(Image-backed grounding data)
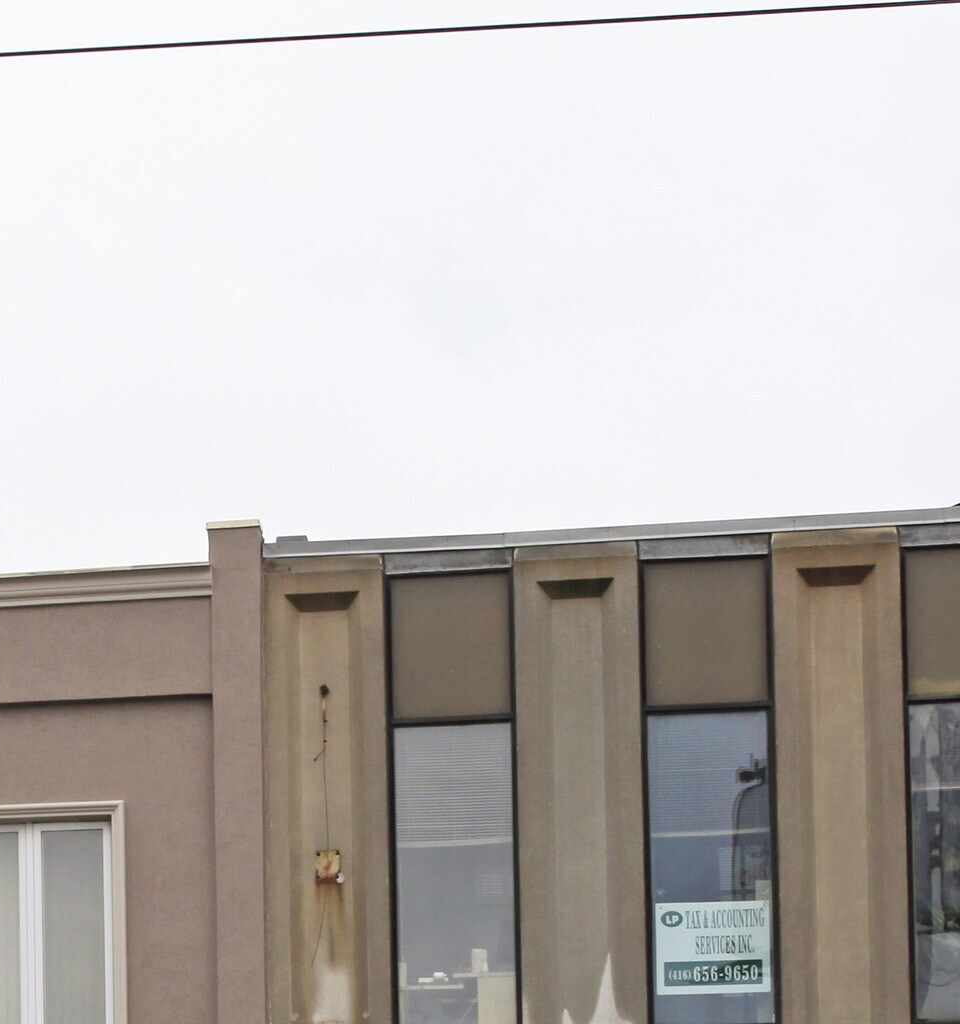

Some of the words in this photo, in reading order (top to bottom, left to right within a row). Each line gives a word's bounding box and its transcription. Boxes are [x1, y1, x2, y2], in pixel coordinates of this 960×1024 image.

[686, 910, 701, 929] TAX
[703, 910, 709, 928] &
[710, 907, 765, 928] ACCOUNTING
[695, 935, 736, 955] SERVICES
[738, 934, 755, 954] INC.
[668, 969, 692, 981] (416)
[693, 964, 759, 983] 656-9650
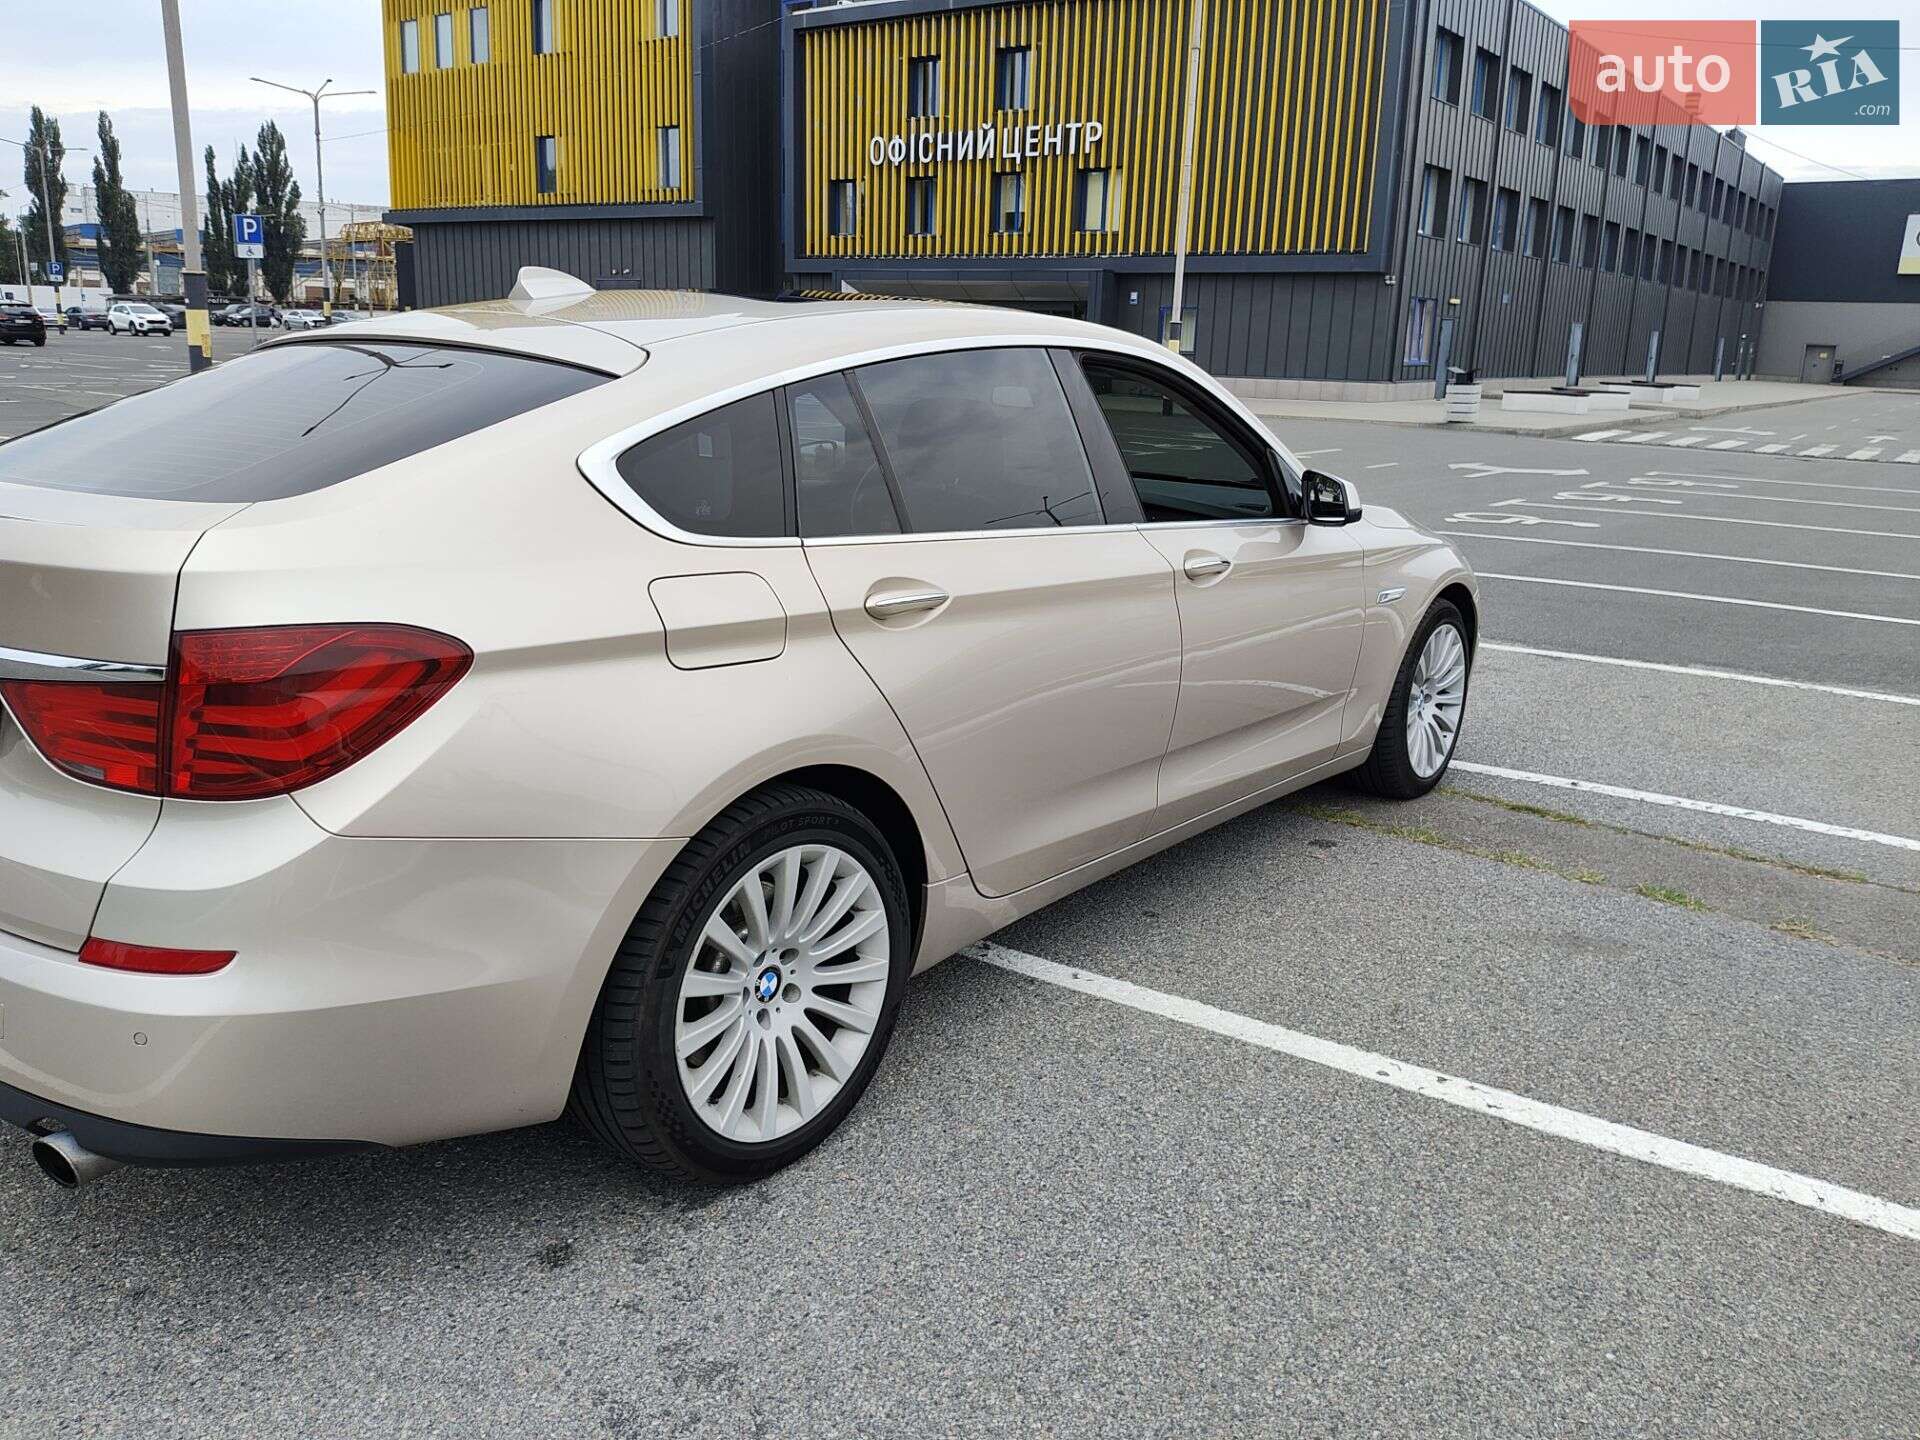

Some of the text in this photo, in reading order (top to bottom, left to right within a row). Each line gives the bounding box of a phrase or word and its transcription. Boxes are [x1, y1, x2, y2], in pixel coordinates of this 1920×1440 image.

** What needs to be done **
Give the records back exactly, with no pictures.

** Solution for this problem **
Some of the words in this photo, in reading order (top to bottom, left to right within a row). Each line gives a word's bounding box and its transcription. Boxes are [x1, y1, x2, y2], in pixel coordinates of this 960×1024 image.

[686, 910, 701, 929] TAX
[703, 910, 709, 928] &
[710, 907, 765, 928] ACCOUNTING
[695, 935, 736, 955] SERVICES
[738, 934, 755, 954] INC.
[668, 969, 692, 981] (416)
[693, 964, 759, 983] 656-9650

Some of the text in this photo, in reading order (top to bottom, left to right within a row). Each line gives the bounding box of a phrase or word and its transcription. Boxes are [x1, y1, x2, y2], in pixel coordinates of this 1920×1440 image.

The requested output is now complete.